# WORK TO COMPLETE
Give back the full listing as written. No pictures go with it.

Start of INFORMATION SHOWN

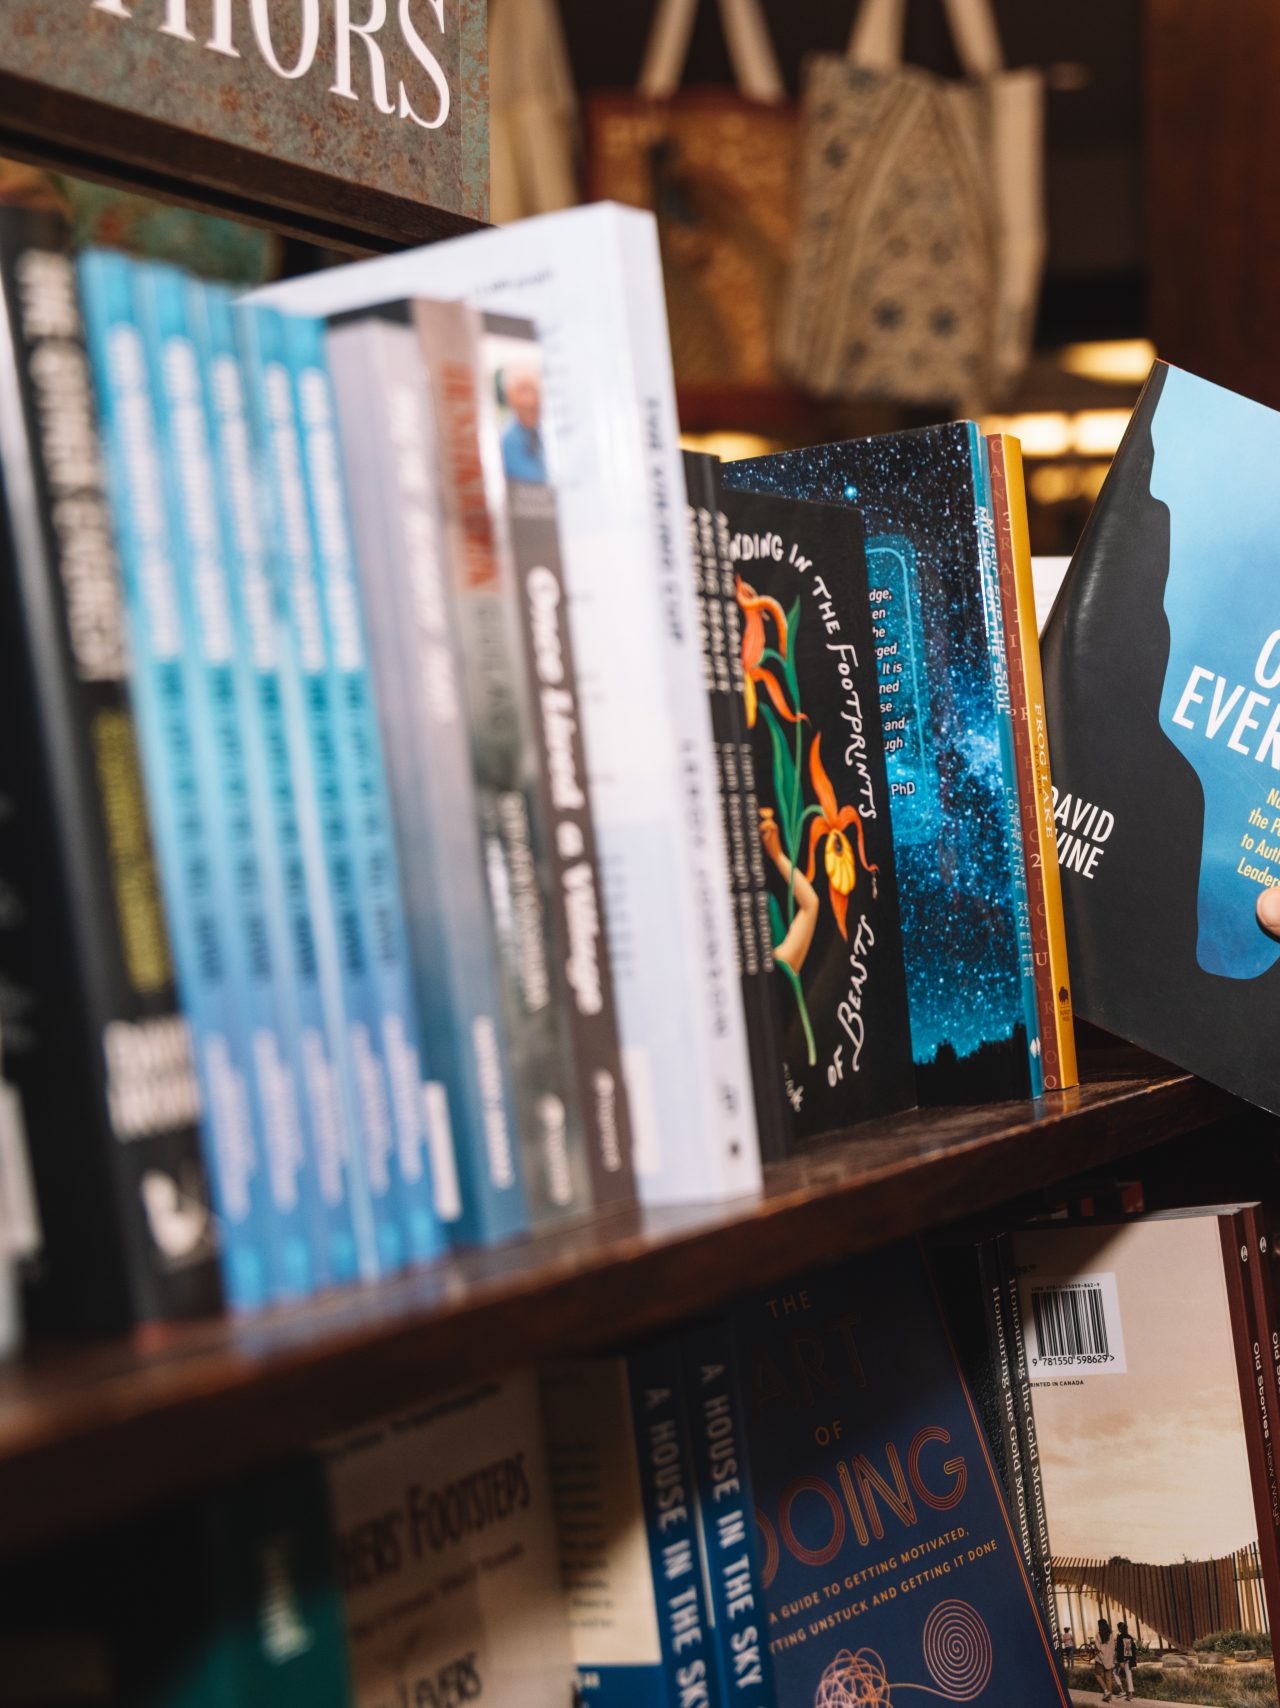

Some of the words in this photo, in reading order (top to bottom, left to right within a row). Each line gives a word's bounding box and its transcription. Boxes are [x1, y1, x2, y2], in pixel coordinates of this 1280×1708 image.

[789, 543, 813, 573] IN
[812, 575, 841, 635] THE
[893, 661, 903, 673] is
[993, 662, 1007, 714] SOUL
[826, 643, 877, 820] FOOTPRINTS
[884, 717, 906, 731] and
[891, 782, 916, 796] PhD
[1034, 703, 1047, 766] FROG
[1041, 775, 1053, 839] LAKE
[1248, 808, 1269, 829] the
[1240, 833, 1255, 851] to
[766, 1289, 814, 1320] THE
[991, 1285, 1011, 1389] Honouring
[1009, 1278, 1027, 1381] Honouring
[1272, 1331, 1280, 1360] Old
[700, 1362, 726, 1385] A
[1032, 1358, 1038, 1367] 9
[1042, 1356, 1073, 1367] 781550
[1077, 1354, 1108, 1365] 598629
[1253, 1341, 1263, 1372] Old
[645, 1386, 673, 1411] A
[1020, 1381, 1031, 1414] the
[1060, 1379, 1084, 1387] CANADA
[1005, 1391, 1014, 1424] the
[1257, 1374, 1270, 1439] Stories
[704, 1393, 742, 1505] HOUSE
[814, 1419, 842, 1447] OF
[1009, 1426, 1021, 1472] Gold
[1026, 1416, 1039, 1463] Gold
[649, 1418, 689, 1535] HOUSE
[716, 1508, 747, 1551] IN
[1015, 1477, 1031, 1567] Mountain
[1032, 1465, 1049, 1556] Mountain
[659, 1537, 695, 1583] IN
[769, 1611, 778, 1624] A
[781, 1590, 821, 1618] GUIDE
[822, 1583, 841, 1598] TO
[844, 1559, 898, 1589] GETTING
[900, 1527, 970, 1564] MOTIVATED,
[721, 1551, 756, 1623] THE
[809, 1600, 869, 1636] UNSTUCK
[872, 1586, 898, 1606] AND
[901, 1561, 951, 1593] GETTING
[953, 1554, 966, 1568] IT
[967, 1539, 998, 1562] DONE
[1043, 1560, 1060, 1651] Dreamers
[667, 1583, 703, 1657] THE
[729, 1624, 764, 1690] SKY
[675, 1658, 711, 1708] SK
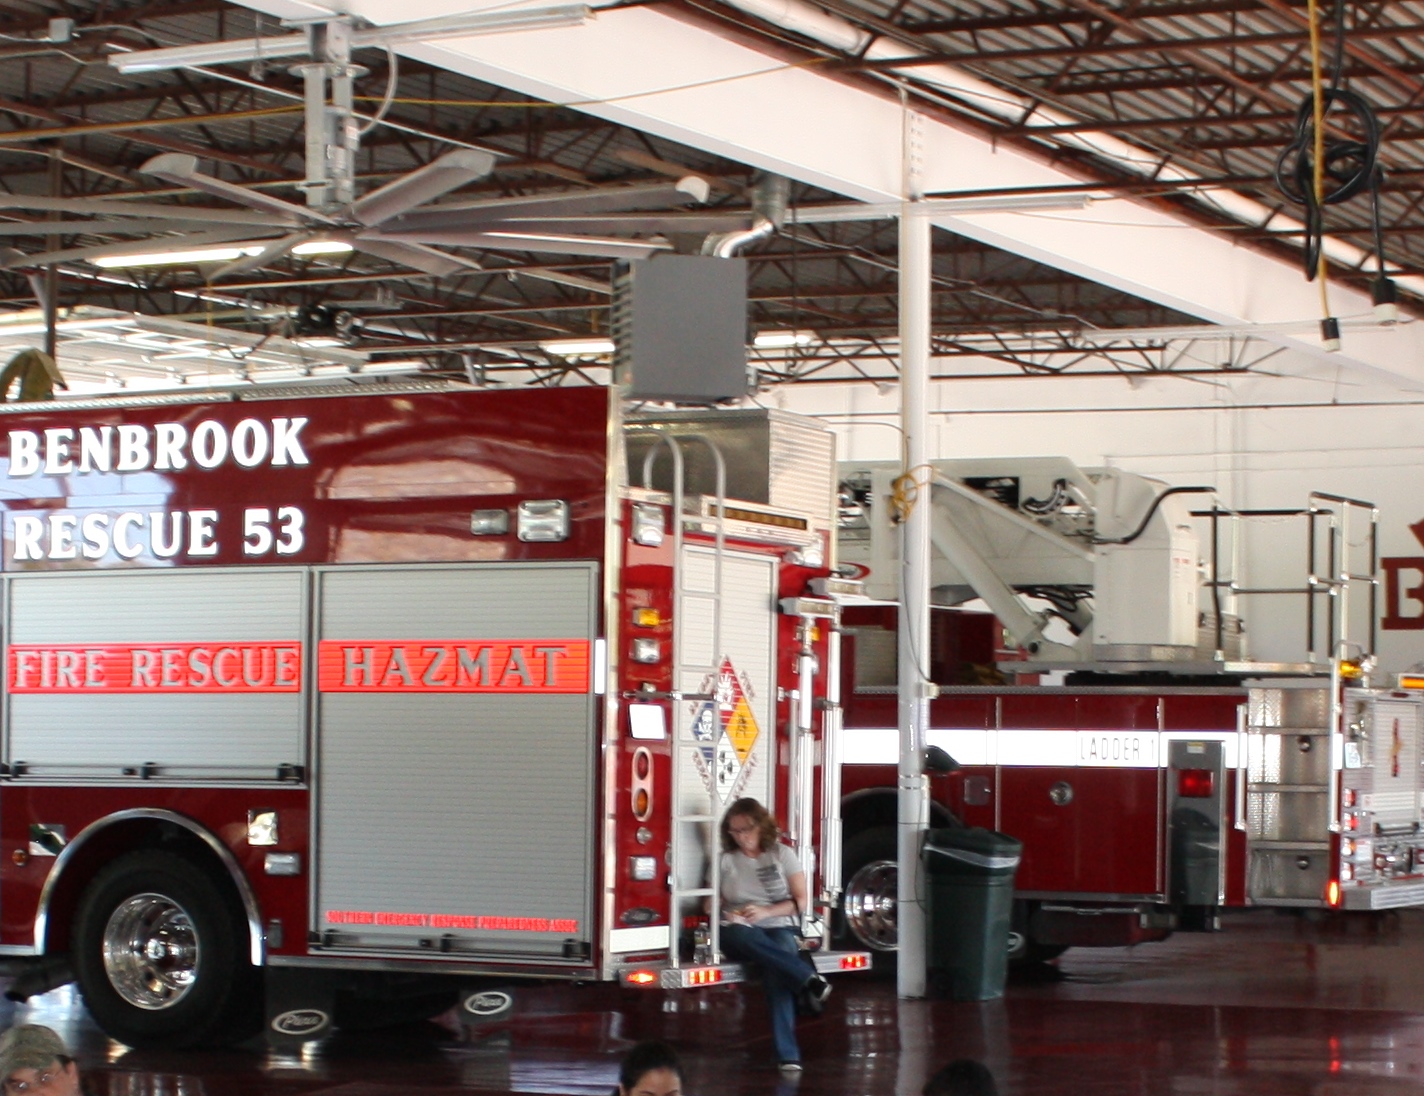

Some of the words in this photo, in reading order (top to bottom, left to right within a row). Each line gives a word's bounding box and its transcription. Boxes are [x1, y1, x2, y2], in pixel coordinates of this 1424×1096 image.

[8, 417, 309, 476] BENBROOK
[12, 509, 218, 560] RESCUE
[243, 506, 304, 556] 53
[14, 648, 106, 688] FIRE
[131, 646, 298, 687] RESCUE
[341, 646, 570, 687] HAZMAT
[1080, 737, 1140, 761] LADDER
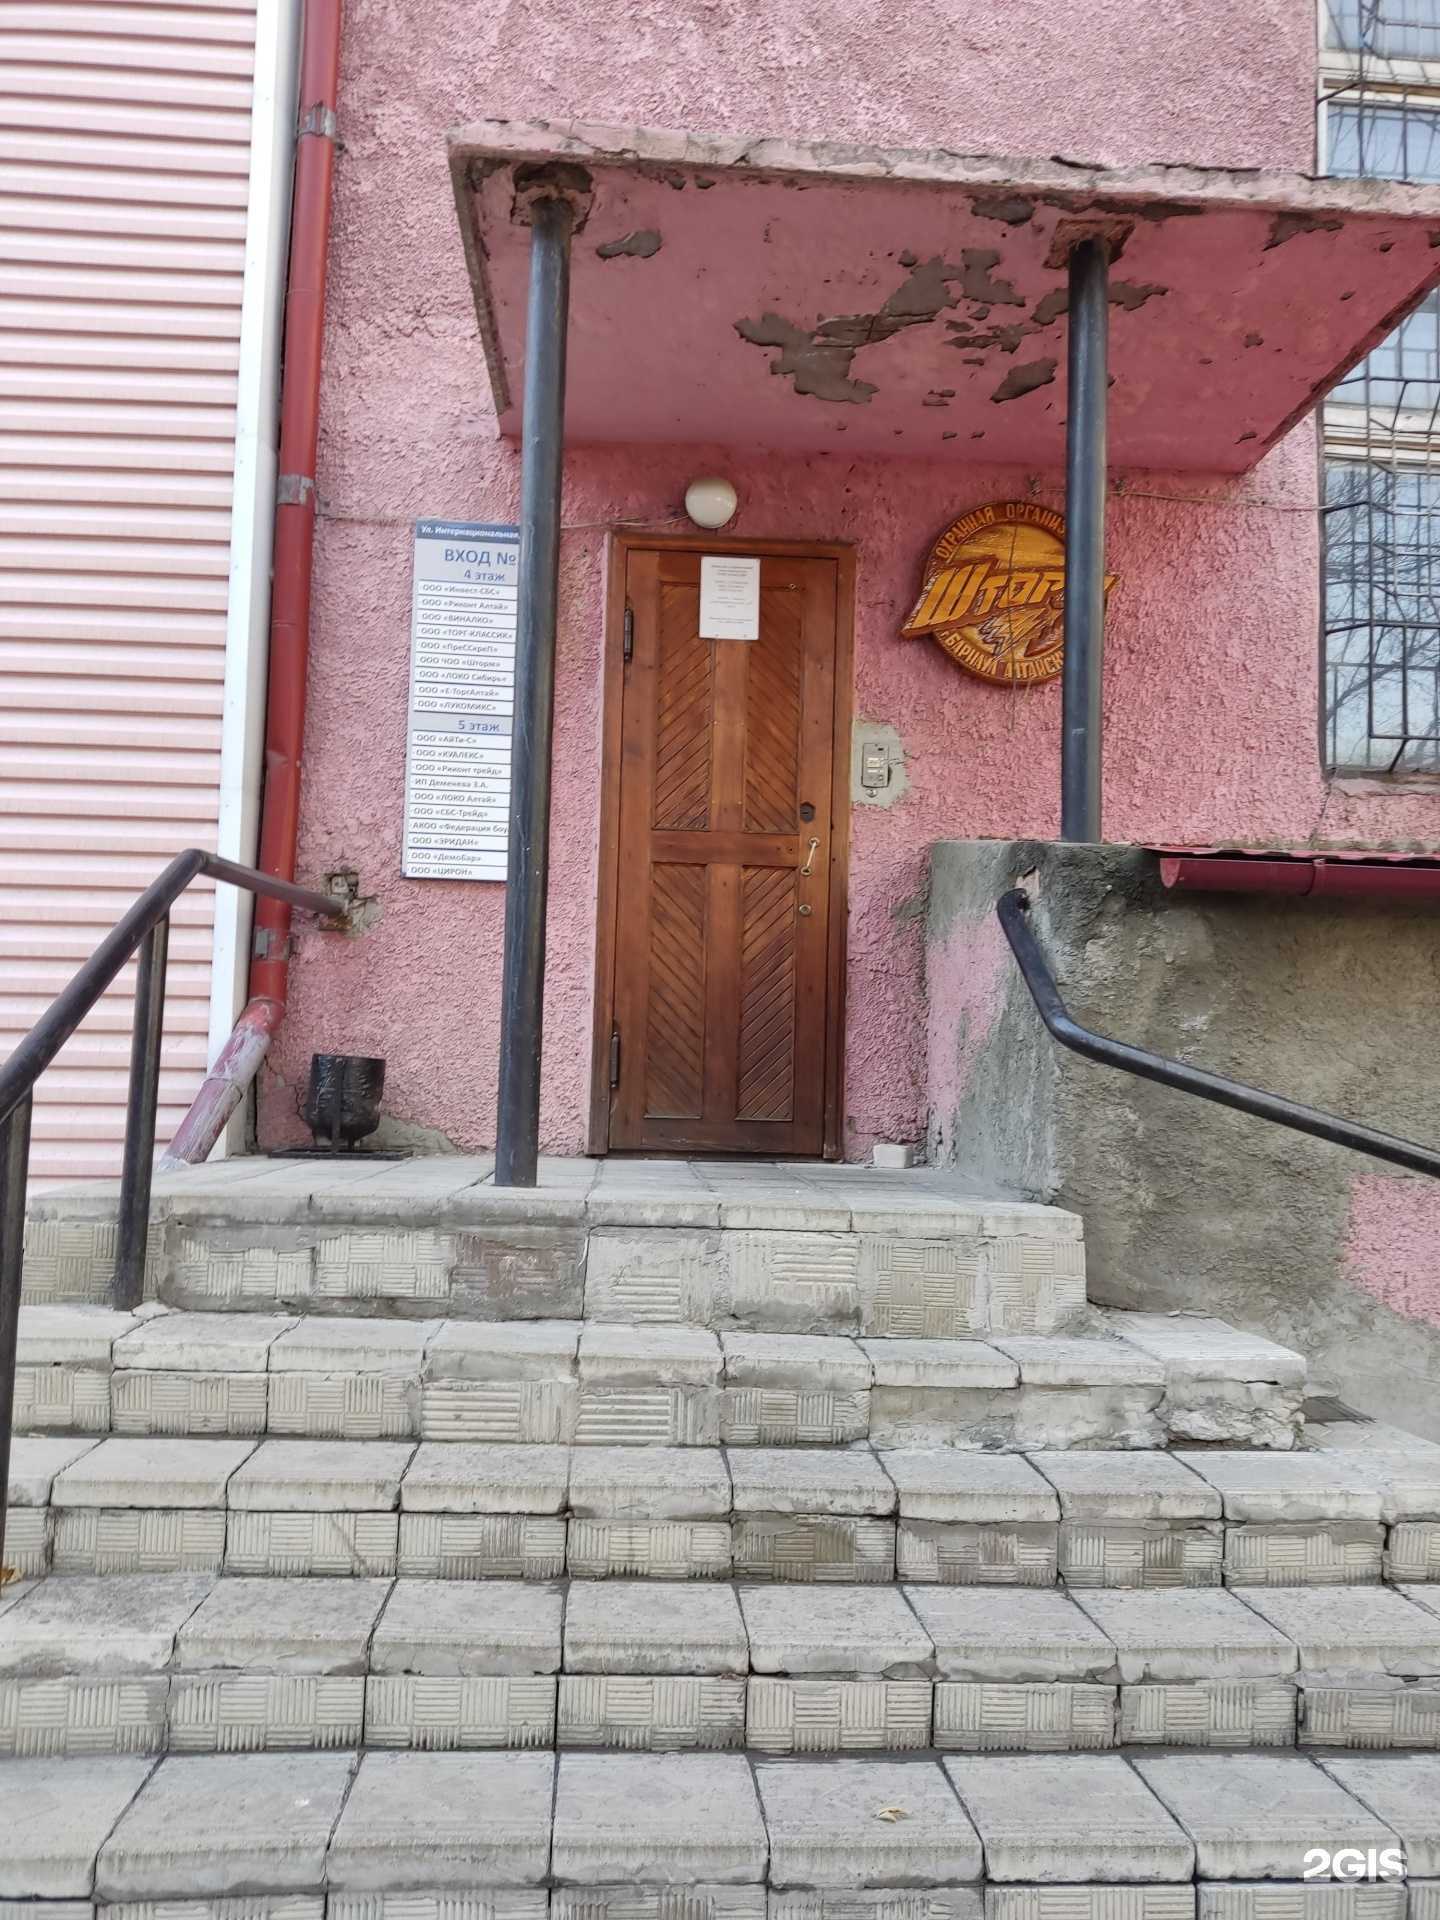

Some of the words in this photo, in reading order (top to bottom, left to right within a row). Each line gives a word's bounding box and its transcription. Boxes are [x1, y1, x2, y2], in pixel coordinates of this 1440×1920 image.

End of INFORMATION SHOWN

# SOLUTION TO THIS TASK
Some of the words in this photo, in reading order (top to bottom, left to right within a row). Each line gives a word's bounding box and its transcription. Boxes are [x1, y1, x2, y2], in pixel coordinates of this 1280×1708 image.

[789, 543, 813, 573] IN
[812, 575, 841, 635] THE
[893, 661, 903, 673] is
[993, 662, 1007, 714] SOUL
[826, 643, 877, 820] FOOTPRINTS
[884, 717, 906, 731] and
[891, 782, 916, 796] PhD
[1034, 703, 1047, 766] FROG
[1041, 775, 1053, 839] LAKE
[1248, 808, 1269, 829] the
[1240, 833, 1255, 851] to
[766, 1289, 814, 1320] THE
[991, 1285, 1011, 1389] Honouring
[1009, 1278, 1027, 1381] Honouring
[1272, 1331, 1280, 1360] Old
[700, 1362, 726, 1385] A
[1032, 1358, 1038, 1367] 9
[1042, 1356, 1073, 1367] 781550
[1077, 1354, 1108, 1365] 598629
[1253, 1341, 1263, 1372] Old
[645, 1386, 673, 1411] A
[1020, 1381, 1031, 1414] the
[1060, 1379, 1084, 1387] CANADA
[1005, 1391, 1014, 1424] the
[1257, 1374, 1270, 1439] Stories
[704, 1393, 742, 1505] HOUSE
[814, 1419, 842, 1447] OF
[1009, 1426, 1021, 1472] Gold
[1026, 1416, 1039, 1463] Gold
[649, 1418, 689, 1535] HOUSE
[716, 1508, 747, 1551] IN
[1015, 1477, 1031, 1567] Mountain
[1032, 1465, 1049, 1556] Mountain
[659, 1537, 695, 1583] IN
[769, 1611, 778, 1624] A
[781, 1590, 821, 1618] GUIDE
[822, 1583, 841, 1598] TO
[844, 1559, 898, 1589] GETTING
[900, 1527, 970, 1564] MOTIVATED,
[721, 1551, 756, 1623] THE
[809, 1600, 869, 1636] UNSTUCK
[872, 1586, 898, 1606] AND
[901, 1561, 951, 1593] GETTING
[953, 1554, 966, 1568] IT
[967, 1539, 998, 1562] DONE
[1043, 1560, 1060, 1651] Dreamers
[667, 1583, 703, 1657] THE
[729, 1624, 764, 1690] SKY
[675, 1658, 711, 1708] SK

Some of the words in this photo, in reading order (top to bottom, left to right within a row). Each line gives a word's bounding box and its transcription. Boxes are [x1, y1, x2, y2], in pixel coordinates of this 1424×1096 image.

[8, 417, 309, 476] BENBROOK
[12, 509, 218, 560] RESCUE
[243, 506, 304, 556] 53
[14, 648, 106, 688] FIRE
[131, 646, 298, 687] RESCUE
[341, 646, 570, 687] HAZMAT
[1080, 737, 1140, 761] LADDER

Some of the words in this photo, in reading order (top to bottom, left to right within a row). Each line gives a word's bounding box and its transcription. Boxes are [x1, y1, x2, y2], in pixel coordinates of this 1440×1920 image.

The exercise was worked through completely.